El estudio técnico de 43 tarjetas supervivientes revela un mercado más sofisticado de lo asumido. El 68% presenta marcas de agua personalizadas (contra solo 12% en Francia para el mismo periodo), demostrando que los impresores españoles usaron el formato como carta de presentación profesional (Moreno, 2015). Los análisis espectrográficos detectaron mezclas innovadoras de tintas: combinaciones de anilinas industriales con pigmentos tradicionales a base de agallas de roble, creando tonalidades únicas que servían como marca distintiva (BNE, Mss/22345). Incluso se identificaron casos tempranos de "postales funcionales" con solapas plegables para proteger el mensaje, patentadas por el propio Bastinos en 1872 pero nunca adoptadas por el Estado (Bassegoda, 1998).
Este florecimiento privado contrasta con la parálisis administrativa. Cuando finalmente en diciembre de 1873 apareció la primera tarjeta postal oficial —impresa en los talleres del Ministerio de Hacienda—, su diseño resultaba ya anacrónico: usaba tipografía Elzeviriana, estilo asociado a documentos legales del Antiguo Régimen, mientras las privadas empleaban modernas sans-serif (Bassegoda, 1998). Peor aún, su gramaje de 70 g/m² las hacía frágiles comparadas con los 90 g/m² de las de Abelardo de Carlos (López-Ocón, 2002). Esta desconexión entre burocracia e innovación explica por qué, incluso tras su lanzamiento oficial, el 42% de las tarjetas circulantes en 1874 seguían siendo de procedencia privada, según registros de la Estafeta de Correos de Madrid (AGA, Comunicaciones Siglo XIX).

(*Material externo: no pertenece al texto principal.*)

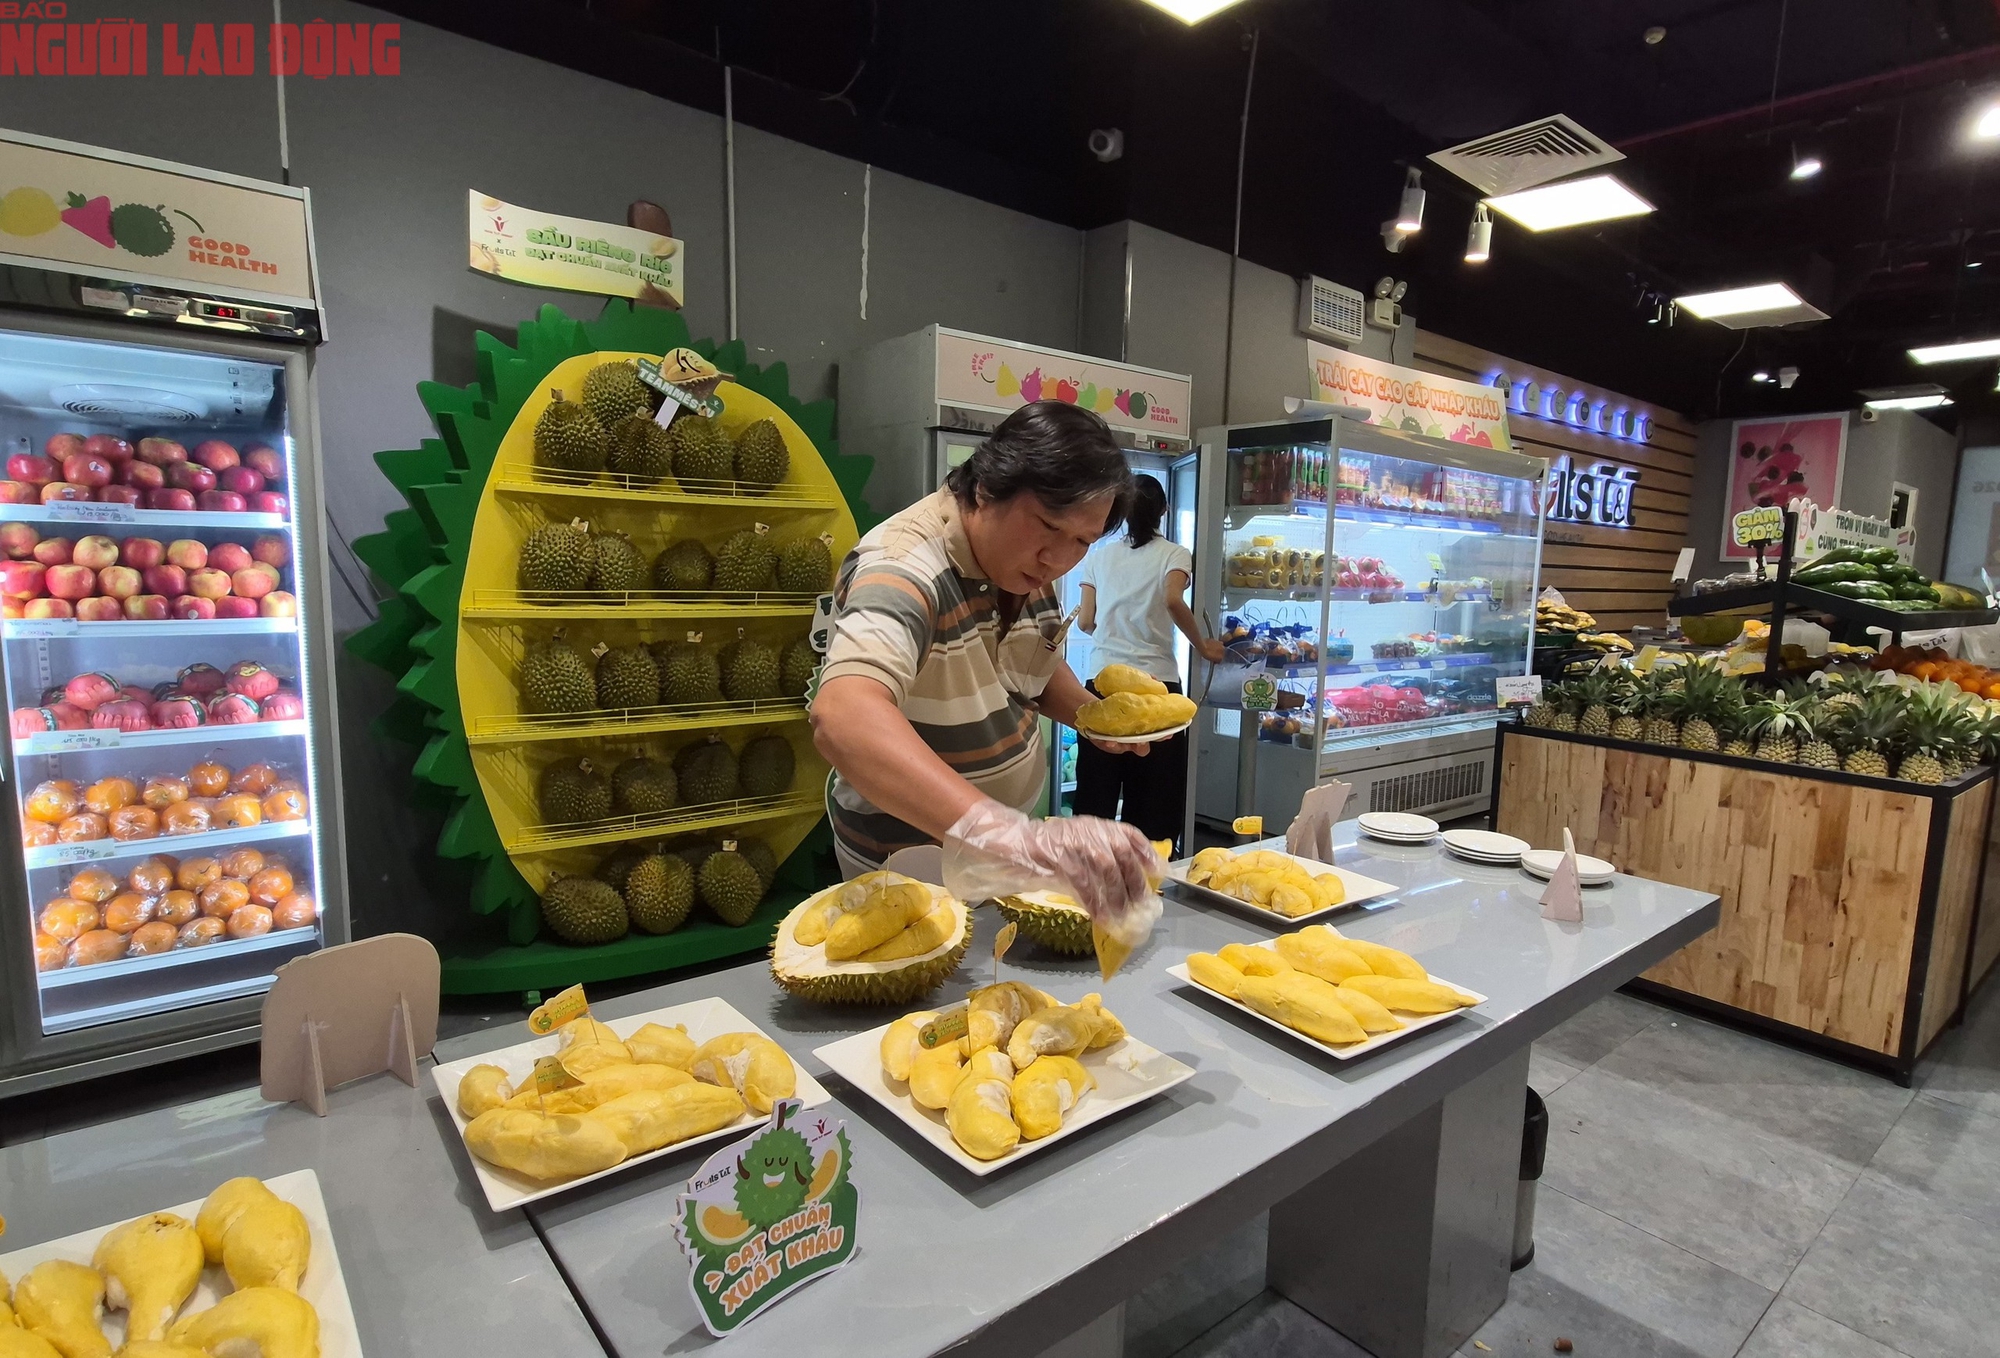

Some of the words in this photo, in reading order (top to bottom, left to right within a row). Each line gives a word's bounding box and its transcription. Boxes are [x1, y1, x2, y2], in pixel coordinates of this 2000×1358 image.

La paradoja final reside en que este "fracaso" estatal catalizó desarrollos culturales inesperados. Las postales privadas españolas de 1871-1873, al carecer de estandarización, se convirtieron en laboratorios de experimentación gráfica y social. Desde las tarjetas-catálogo de Bastinos (que incluían muestras tipográficas) hasta las postales-revista de Frontaura (con resúmenes literarios), redefinieron los límites del medio antes de que este existiera formalmente (Saiz, 1996). Cuando en 1892 España adoptó masivamente la postal ilustrada, lo hizo sobre cimientos creados no por decreto, sino por esta red de impresores rebeldes que convirtieron un vacío legal en espacio de creación.
Referencias
Bassegoda, B. (1998). La imprenta en Barcelona en el siglo XIX: Antonio J. Bastinos y El Monitor de la Imprenta. Universitat Autònoma de Barcelona.
Carretero, A. (2010). El Doctor Thebussem: Un epistolario finisecular. Fundación José Manuel Lara.
López-Ocón, L. (2002). *La Ilustración Española y Americana como difusora de conocimiento (1869-1905)*. CSIC.
Martínez Gallego, F. A. (2003). *Conservar progresando: La reforma postal en el Sexenio Revolucionario (1868-1874)*. Universidad de Valencia.
Moreno, J. M. (2015). El papel y la tinta: Arqueología gráfica del siglo XIX español. Ed. Trea.
Reyes, M. (2007). *Humor gráfico en la prensa del Sexenio: El Mundo Cómico (1872-1877)*. Universidad Complutense de Madrid.
Saiz, M. D. (1996). Historia del periodismo en España. Vol. 3: El siglo XIX. Alianza Editorial.
Gaceta de Madrid (1871, 11 de mayo). Decreto de 10 de mayo de 1871. Núm. 131.
Gaceta de Madrid (1872, 16 de septiembre). Decreto de tarifas postales. Núm. 259.